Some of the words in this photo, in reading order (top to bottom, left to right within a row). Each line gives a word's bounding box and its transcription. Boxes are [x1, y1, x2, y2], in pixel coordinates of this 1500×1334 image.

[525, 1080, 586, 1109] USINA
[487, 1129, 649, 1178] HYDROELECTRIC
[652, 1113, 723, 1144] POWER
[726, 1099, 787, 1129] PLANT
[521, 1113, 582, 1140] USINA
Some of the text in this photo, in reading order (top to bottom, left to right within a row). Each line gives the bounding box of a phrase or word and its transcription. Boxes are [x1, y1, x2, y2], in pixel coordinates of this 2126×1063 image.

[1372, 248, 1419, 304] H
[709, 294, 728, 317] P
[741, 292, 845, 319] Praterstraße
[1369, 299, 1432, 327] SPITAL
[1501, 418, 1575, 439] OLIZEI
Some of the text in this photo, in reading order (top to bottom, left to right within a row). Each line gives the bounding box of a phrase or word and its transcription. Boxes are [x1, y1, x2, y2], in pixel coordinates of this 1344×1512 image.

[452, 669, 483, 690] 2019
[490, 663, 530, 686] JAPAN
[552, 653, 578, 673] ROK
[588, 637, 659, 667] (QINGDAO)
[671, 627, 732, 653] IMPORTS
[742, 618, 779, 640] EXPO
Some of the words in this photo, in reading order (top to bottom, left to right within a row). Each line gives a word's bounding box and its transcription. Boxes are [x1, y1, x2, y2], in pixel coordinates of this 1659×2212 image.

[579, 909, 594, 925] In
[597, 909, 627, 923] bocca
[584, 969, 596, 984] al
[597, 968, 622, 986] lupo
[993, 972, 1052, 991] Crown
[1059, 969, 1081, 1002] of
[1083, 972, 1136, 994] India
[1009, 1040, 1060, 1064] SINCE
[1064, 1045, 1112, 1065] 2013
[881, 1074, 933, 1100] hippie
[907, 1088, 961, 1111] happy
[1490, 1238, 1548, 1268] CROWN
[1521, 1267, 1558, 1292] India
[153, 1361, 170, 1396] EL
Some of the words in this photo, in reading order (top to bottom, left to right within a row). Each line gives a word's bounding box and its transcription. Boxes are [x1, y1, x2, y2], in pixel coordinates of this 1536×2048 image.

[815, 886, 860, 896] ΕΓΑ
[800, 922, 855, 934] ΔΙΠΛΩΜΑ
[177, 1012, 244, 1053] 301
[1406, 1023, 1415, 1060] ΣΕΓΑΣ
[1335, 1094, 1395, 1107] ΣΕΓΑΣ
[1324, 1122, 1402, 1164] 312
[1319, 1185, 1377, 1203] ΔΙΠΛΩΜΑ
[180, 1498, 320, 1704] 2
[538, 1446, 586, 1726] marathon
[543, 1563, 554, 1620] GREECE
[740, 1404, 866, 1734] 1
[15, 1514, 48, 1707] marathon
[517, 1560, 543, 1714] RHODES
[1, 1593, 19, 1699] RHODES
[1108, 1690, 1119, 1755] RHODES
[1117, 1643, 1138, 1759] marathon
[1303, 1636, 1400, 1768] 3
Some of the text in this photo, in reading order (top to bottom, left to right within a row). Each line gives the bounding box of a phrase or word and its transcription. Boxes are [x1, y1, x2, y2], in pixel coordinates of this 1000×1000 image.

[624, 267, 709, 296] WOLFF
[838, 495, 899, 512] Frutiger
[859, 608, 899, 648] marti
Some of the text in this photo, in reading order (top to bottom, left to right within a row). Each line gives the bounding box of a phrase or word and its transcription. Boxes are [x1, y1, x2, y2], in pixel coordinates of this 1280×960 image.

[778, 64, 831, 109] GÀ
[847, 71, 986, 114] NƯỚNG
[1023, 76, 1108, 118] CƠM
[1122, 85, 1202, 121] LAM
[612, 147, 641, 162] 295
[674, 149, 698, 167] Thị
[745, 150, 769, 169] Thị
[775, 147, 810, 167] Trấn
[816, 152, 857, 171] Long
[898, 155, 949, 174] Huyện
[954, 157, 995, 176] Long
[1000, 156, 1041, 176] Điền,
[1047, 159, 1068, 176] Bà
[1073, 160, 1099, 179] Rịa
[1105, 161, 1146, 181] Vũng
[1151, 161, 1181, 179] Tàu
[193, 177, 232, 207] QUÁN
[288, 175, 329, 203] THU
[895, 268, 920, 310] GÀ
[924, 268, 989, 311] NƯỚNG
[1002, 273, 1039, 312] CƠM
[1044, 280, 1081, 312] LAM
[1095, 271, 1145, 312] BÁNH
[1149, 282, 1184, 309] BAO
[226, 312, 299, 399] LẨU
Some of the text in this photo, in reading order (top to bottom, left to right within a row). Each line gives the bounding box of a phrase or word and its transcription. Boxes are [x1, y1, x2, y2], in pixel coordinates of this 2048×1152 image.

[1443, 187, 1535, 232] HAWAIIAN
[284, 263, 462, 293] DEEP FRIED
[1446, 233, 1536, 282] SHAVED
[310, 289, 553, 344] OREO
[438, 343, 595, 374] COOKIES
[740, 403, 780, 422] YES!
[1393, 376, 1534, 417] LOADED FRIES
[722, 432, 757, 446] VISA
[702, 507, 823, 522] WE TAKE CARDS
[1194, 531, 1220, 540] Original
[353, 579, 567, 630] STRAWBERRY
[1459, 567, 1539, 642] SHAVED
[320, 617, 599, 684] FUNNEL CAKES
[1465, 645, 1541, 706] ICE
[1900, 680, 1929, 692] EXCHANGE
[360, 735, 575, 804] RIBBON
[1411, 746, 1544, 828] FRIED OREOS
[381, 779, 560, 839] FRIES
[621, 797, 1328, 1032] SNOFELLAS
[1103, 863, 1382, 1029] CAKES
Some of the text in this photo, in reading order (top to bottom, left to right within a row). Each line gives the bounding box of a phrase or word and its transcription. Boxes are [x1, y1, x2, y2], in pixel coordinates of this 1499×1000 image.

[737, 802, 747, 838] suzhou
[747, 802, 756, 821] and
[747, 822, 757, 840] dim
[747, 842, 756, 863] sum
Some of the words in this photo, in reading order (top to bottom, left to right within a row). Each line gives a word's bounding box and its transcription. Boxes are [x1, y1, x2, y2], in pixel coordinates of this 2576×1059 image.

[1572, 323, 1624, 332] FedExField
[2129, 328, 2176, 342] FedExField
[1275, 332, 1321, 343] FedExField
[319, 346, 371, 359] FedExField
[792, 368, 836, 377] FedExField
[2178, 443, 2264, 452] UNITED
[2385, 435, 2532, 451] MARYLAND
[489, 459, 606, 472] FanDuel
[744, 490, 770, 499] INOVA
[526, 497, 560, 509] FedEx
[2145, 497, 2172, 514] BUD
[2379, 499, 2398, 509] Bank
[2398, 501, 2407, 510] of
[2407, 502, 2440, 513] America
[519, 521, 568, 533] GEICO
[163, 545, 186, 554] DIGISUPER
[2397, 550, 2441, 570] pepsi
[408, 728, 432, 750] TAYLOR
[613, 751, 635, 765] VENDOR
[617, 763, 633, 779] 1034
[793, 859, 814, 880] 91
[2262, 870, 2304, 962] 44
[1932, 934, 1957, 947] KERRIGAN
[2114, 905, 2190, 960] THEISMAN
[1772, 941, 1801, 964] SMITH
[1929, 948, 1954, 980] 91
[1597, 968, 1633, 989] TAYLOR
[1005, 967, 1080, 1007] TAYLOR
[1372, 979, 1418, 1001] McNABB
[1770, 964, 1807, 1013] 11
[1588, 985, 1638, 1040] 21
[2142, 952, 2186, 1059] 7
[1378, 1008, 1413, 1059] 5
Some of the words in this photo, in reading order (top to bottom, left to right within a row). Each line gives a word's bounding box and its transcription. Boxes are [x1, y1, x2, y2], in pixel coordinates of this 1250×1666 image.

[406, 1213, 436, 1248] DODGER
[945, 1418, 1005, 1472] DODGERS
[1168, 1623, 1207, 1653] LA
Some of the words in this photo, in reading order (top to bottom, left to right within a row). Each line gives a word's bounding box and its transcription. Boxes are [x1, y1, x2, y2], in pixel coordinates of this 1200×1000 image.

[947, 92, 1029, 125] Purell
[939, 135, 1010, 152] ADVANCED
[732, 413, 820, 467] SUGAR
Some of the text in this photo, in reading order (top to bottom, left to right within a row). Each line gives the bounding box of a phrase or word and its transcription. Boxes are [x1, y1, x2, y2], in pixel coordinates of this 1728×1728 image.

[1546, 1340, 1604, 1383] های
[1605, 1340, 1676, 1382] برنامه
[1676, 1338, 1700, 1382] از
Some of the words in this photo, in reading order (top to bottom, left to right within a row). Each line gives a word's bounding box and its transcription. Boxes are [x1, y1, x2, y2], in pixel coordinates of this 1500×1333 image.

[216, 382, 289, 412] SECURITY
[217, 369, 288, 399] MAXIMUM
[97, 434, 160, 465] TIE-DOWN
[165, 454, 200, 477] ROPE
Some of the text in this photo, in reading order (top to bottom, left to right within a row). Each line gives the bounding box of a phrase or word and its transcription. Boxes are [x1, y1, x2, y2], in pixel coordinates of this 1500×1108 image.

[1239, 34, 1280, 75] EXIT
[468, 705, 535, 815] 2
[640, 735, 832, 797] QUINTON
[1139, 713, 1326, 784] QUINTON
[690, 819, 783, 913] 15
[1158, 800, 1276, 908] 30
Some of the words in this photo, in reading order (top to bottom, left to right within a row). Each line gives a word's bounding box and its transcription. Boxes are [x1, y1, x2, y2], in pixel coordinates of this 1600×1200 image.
──────────────────────────────
• **Task goal**: An exact copy of the lines from the one with "this 1500×1108 image." to the final line of the entries is all that the answer should hold.

• **Reply**:
Some of the text in this photo, in reading order (top to bottom, left to right within a row). Each line gives the bounding box of a phrase or word and its transcription. Boxes are [x1, y1, x2, y2], in pixel coordinates of this 1500×1108 image.

[1239, 34, 1280, 75] EXIT
[468, 705, 535, 815] 2
[640, 735, 832, 797] QUINTON
[1139, 713, 1326, 784] QUINTON
[690, 819, 783, 913] 15
[1158, 800, 1276, 908] 30
Some of the words in this photo, in reading order (top to bottom, left to right within a row). Each line gives a word's bounding box and its transcription. Boxes are [x1, y1, x2, y2], in pixel coordinates of this 1600×1200 image.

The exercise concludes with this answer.